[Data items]
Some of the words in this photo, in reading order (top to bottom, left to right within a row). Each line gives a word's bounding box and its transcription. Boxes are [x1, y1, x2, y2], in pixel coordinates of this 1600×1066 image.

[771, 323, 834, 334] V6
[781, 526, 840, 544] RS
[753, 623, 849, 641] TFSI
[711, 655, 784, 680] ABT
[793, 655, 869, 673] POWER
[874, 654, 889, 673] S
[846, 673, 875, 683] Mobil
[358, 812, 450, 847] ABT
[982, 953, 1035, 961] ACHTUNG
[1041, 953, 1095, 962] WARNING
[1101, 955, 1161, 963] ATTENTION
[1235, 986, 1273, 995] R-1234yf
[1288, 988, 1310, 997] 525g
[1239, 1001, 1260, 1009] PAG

- [What the exercise asks] Reproduce every line above, keeping each word exactly as it appears.

- [Expected answer]
Some of the words in this photo, in reading order (top to bottom, left to right within a row). Each line gives a word's bounding box and its transcription. Boxes are [x1, y1, x2, y2], in pixel coordinates of this 1600×1066 image.

[771, 323, 834, 334] V6
[781, 526, 840, 544] RS
[753, 623, 849, 641] TFSI
[711, 655, 784, 680] ABT
[793, 655, 869, 673] POWER
[874, 654, 889, 673] S
[846, 673, 875, 683] Mobil
[358, 812, 450, 847] ABT
[982, 953, 1035, 961] ACHTUNG
[1041, 953, 1095, 962] WARNING
[1101, 955, 1161, 963] ATTENTION
[1235, 986, 1273, 995] R-1234yf
[1288, 988, 1310, 997] 525g
[1239, 1001, 1260, 1009] PAG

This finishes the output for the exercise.